April Larson, the founder of Valued Voices, uses her own real-life experiences and demonstrates how to be vulnerable by speaking your truth. With her background in healthcare and adult education, April delivers presentations that are engaging, informative, and entertaining. Life should be a wholehearted, courageous journey and Valued Voices is committed to building a better world with storytelling and honest conversations.
After completing 35 years of policing, as and Inspector for Lethbridge Regional Police Service, Bill has taken on the role of Project Coordinator for Domestic Violence Action Team. DVAT uses a collaborative approach made up of multiple agencies and has been in operation for over 20 years. . In that role with DVAT he developed an anti-stalking program that is available to victims of stalking and harassment and also provides professional development training for service providers in the area of domestic violence, sexual violence and stalking. Bill currently serves on the Board of Directors for the Alberta Association of Sexual Assault Services and is a chairperson for theChinook Sexual Assault Centre. Bill has an incredible commitment to raising awareness about the impacts of family and sexual violence.
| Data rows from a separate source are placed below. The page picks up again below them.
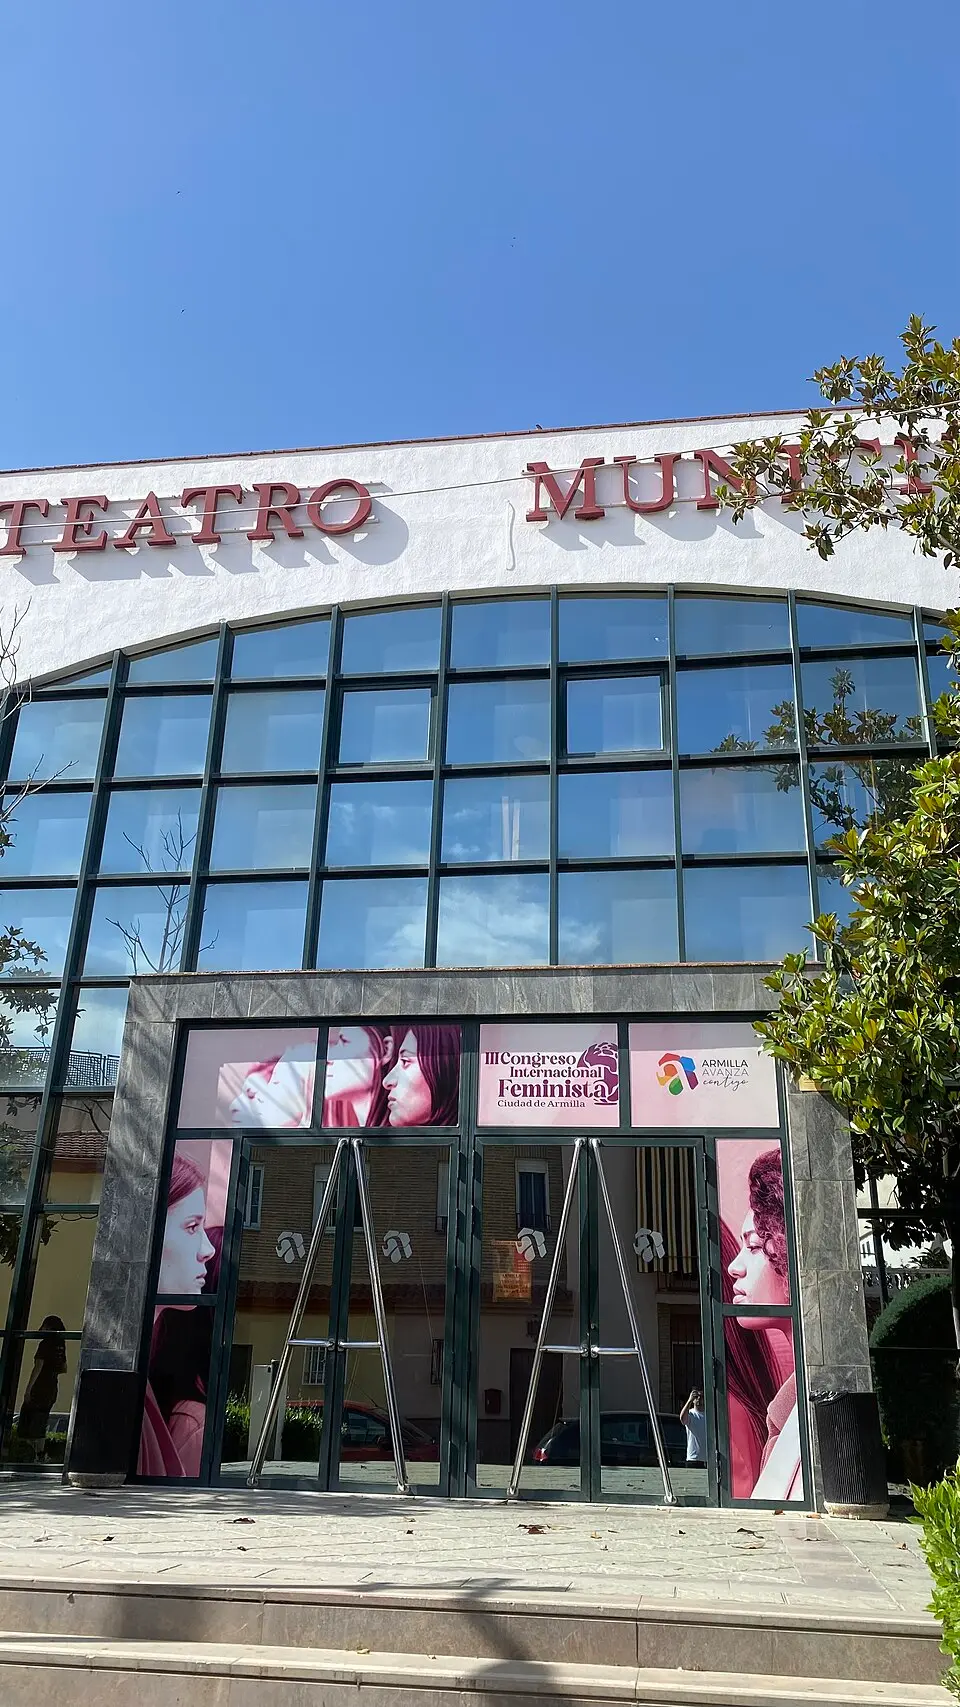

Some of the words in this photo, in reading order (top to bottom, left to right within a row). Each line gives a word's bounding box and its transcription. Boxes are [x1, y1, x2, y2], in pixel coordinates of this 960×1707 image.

[0, 478, 372, 556] TEATRO
[485, 1051, 499, 1065] III
[501, 1051, 577, 1068] Congreso
[702, 1059, 749, 1068] ARMILLA
[510, 1066, 602, 1078] Internacional
[702, 1068, 749, 1077] AVANZA
[498, 1079, 607, 1099] Feminista
[702, 1074, 749, 1092] contigo
[497, 1099, 534, 1108] Ciudad
[536, 1099, 546, 1108] de
[547, 1099, 586, 1108] Armilla
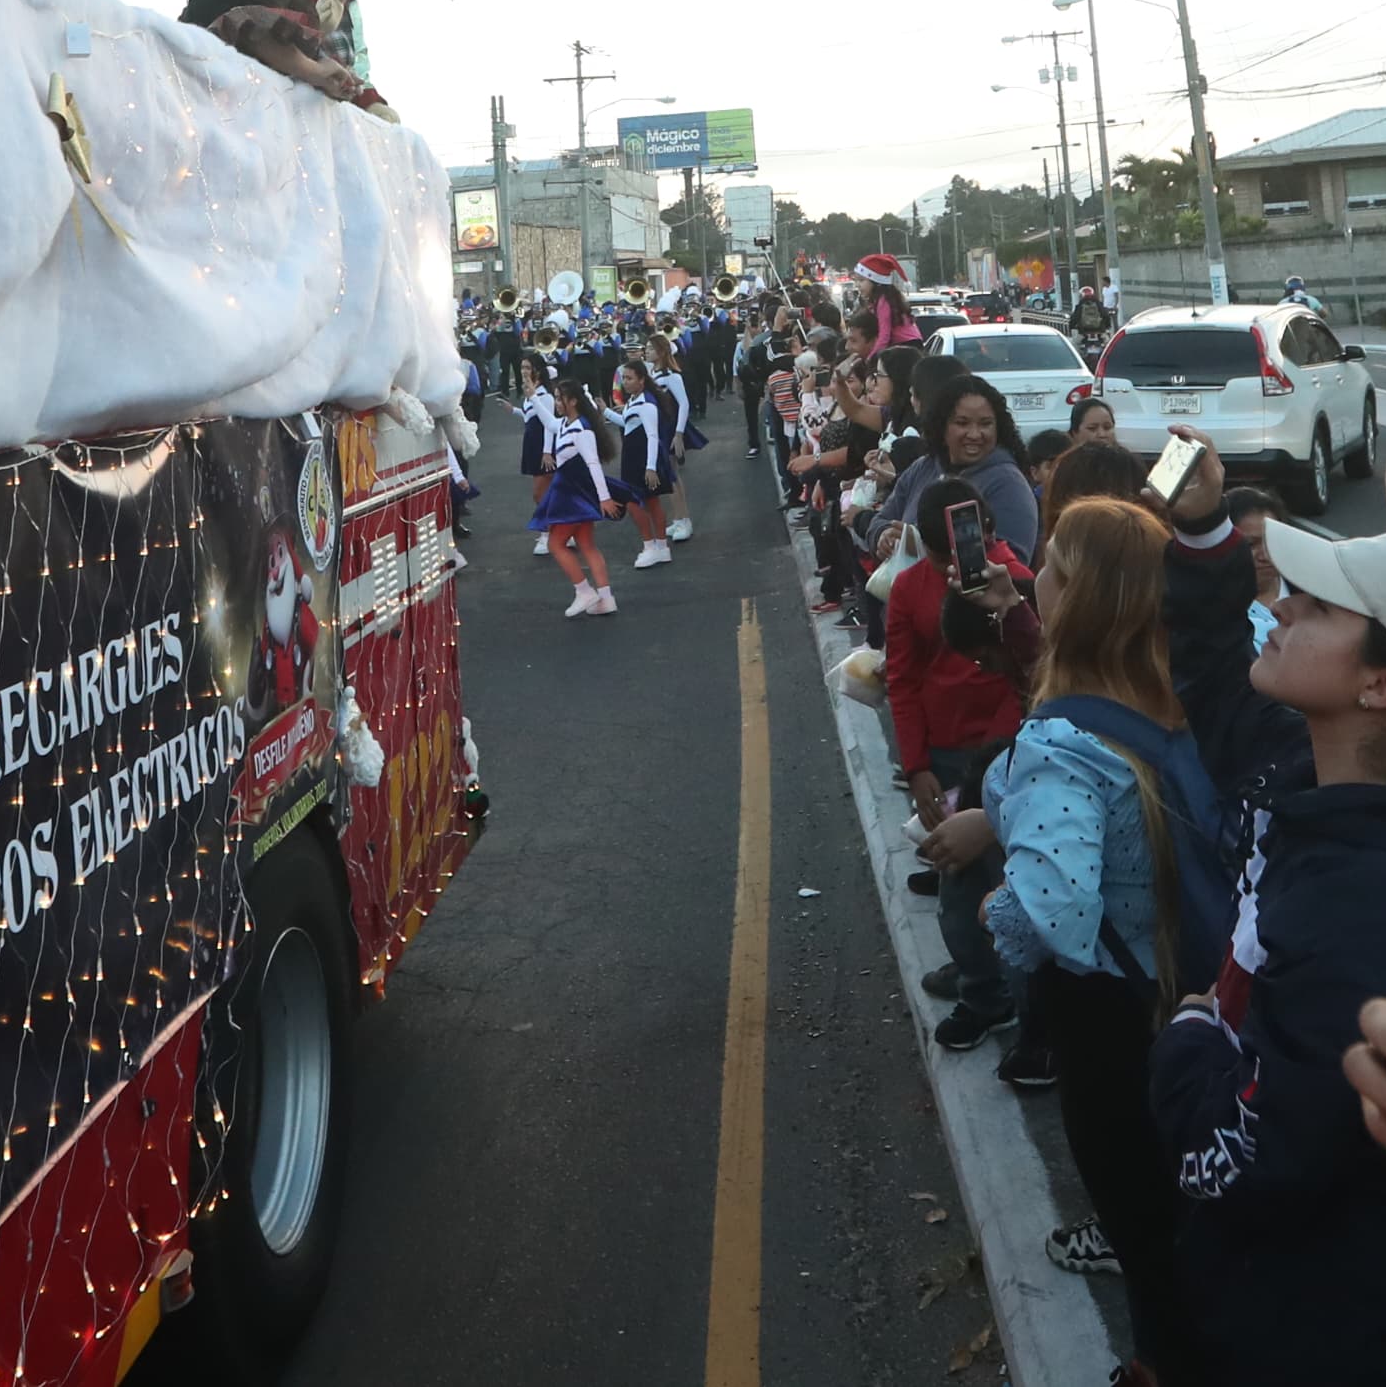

AlfChief Rudd joined the Royal Canadian Mounted Police in 1971 and completed a twenty seven year career. He spent the majority of his time in operational roles, including Detachment Commander and completed his RCMP career as Commander of the Major Crime Investigation Section for southern Alberta. After basic police training in Regina he completed a variety of in-service training qualifications as well as several university courses in order to stay current with policing and management fields. His RCMP service included a tour of duty with the United Nations Protection Force in the Former Yugoslavia in 1994. Chief Rudd spent several years policing in First Nations environments and upon completion of his RCMP service in 1997 took those skills to serve the community of Standoff occupying the office of Chief of Police for the Blood Tribe Police Service for seven years. Family motivated a move north to the Edmonton area and also presented an opportunity to continue in police management with the Louis Bull Police Service at Hobbema, Alberta. This small service had been serving the community of Louis Bull for the past twenty years. Family and future considerations led Chief Rudd and his wife Melanie to move back south to Taber in February of 2009, where he assumed the duties of Chief of Police with the Taber Police Service for the next seven years, retiring from policing for the final time in 2016. In 2017 he assumed the position of Program Manager for the Horizons Victim Services – Taber. He currently serves as the President of the Alberta Police Based Victim Service Association, Chair of the Taber & District Community Adult Learning Board and is the current Service Officer at the Royal Canadian Legion in Taber.